WHAT YOU HAVE TO DO => Any images in the records should be skipped; transcribe the rest exactly.

GIVEN DATA =>
[Start of section]

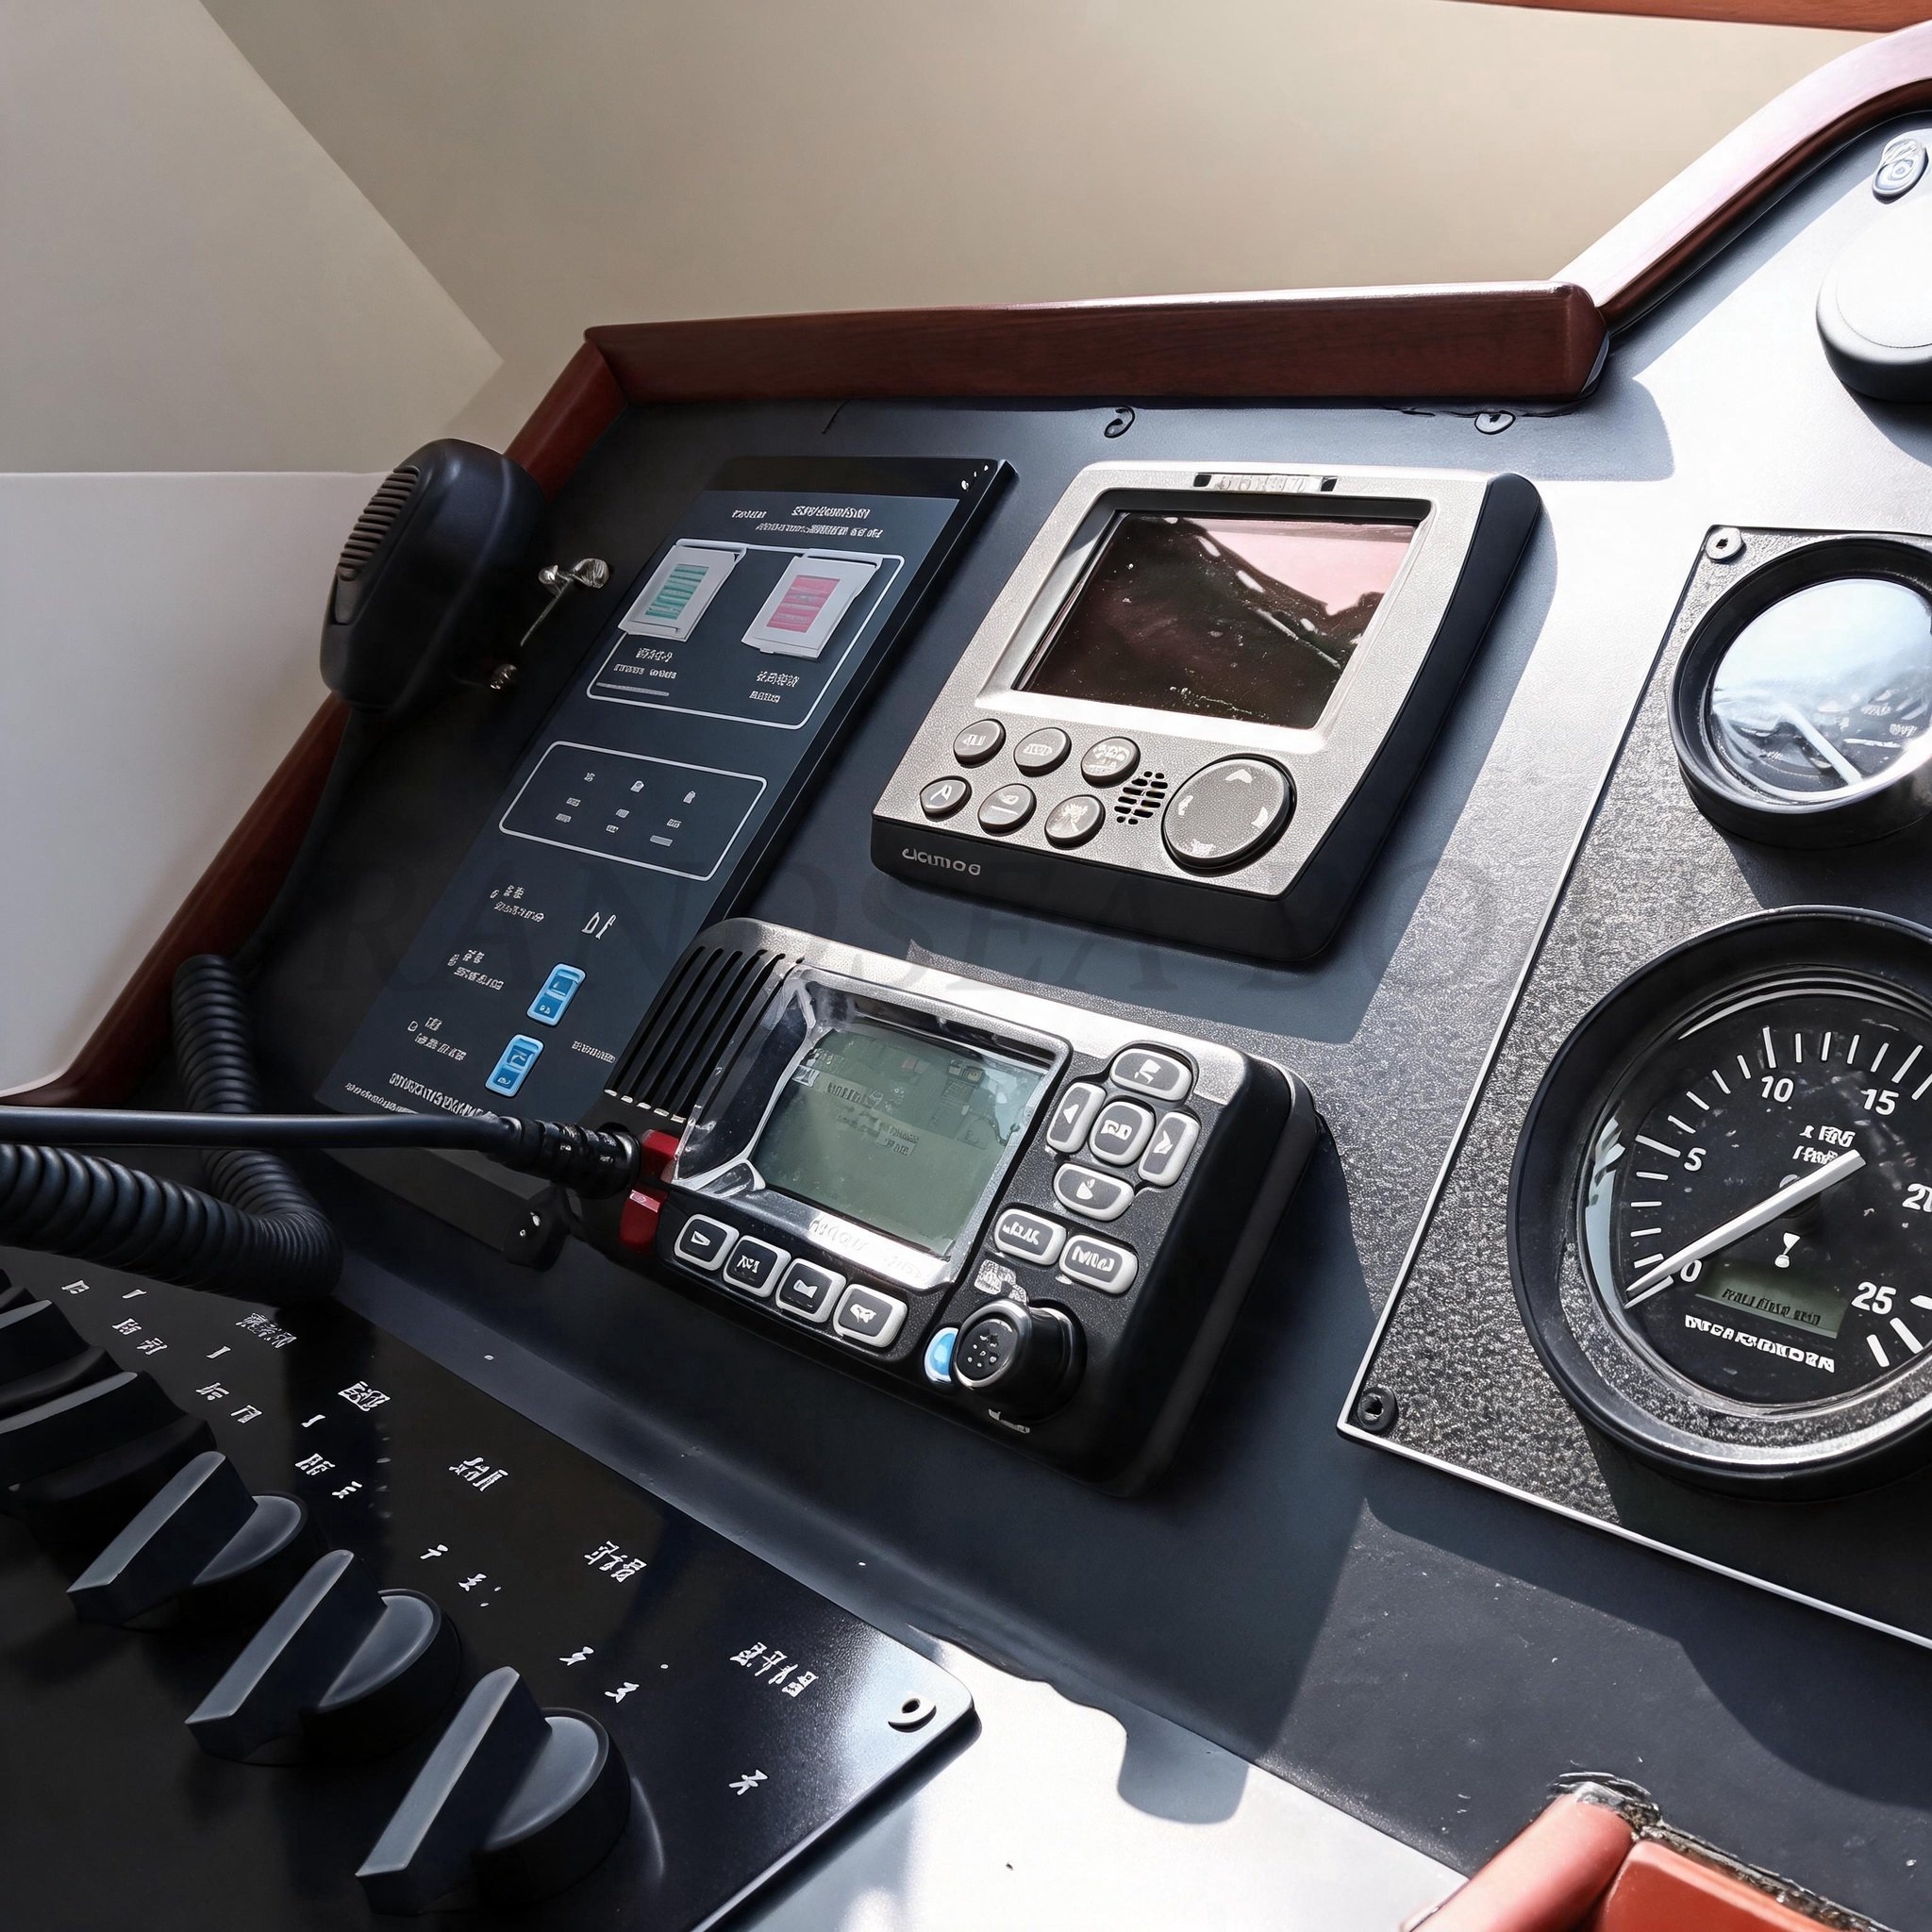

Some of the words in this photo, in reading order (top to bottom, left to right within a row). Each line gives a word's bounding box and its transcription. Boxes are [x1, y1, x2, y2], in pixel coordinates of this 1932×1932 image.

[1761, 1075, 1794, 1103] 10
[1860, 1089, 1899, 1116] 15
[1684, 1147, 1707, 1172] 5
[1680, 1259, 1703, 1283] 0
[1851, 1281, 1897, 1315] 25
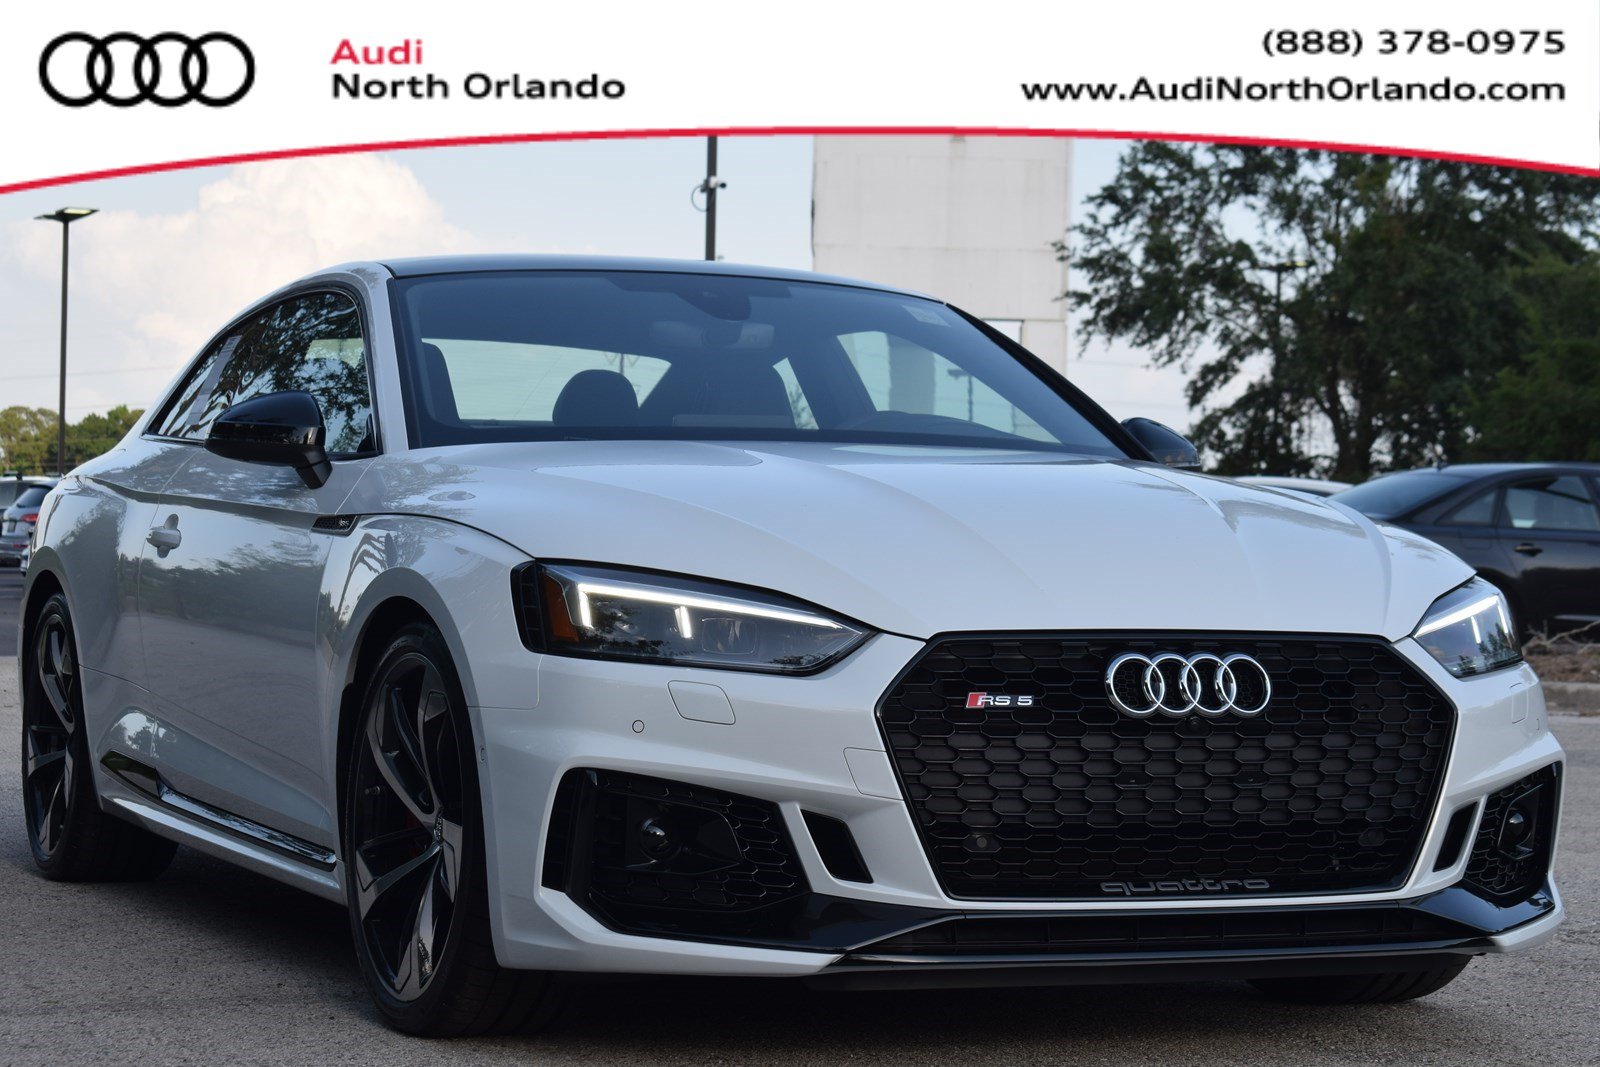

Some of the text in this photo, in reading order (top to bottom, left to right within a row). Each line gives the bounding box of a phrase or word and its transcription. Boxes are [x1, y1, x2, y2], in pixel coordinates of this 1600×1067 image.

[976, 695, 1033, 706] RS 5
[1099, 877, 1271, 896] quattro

[End of section]

RESPONSE =>
Some of the words in this photo, in reading order (top to bottom, left to right within a row). Each line gives a word's bounding box and its transcription. Boxes are [x1, y1, x2, y2], in pixel coordinates of this 1932×1932 image.

[1761, 1075, 1794, 1103] 10
[1860, 1089, 1899, 1116] 15
[1684, 1147, 1707, 1172] 5
[1680, 1259, 1703, 1283] 0
[1851, 1281, 1897, 1315] 25

Some of the text in this photo, in reading order (top to bottom, left to right within a row). Each line gives the bounding box of a phrase or word and its transcription. Boxes are [x1, y1, x2, y2], in pixel coordinates of this 1600×1067 image.

[976, 695, 1033, 706] RS 5
[1099, 877, 1271, 896] quattro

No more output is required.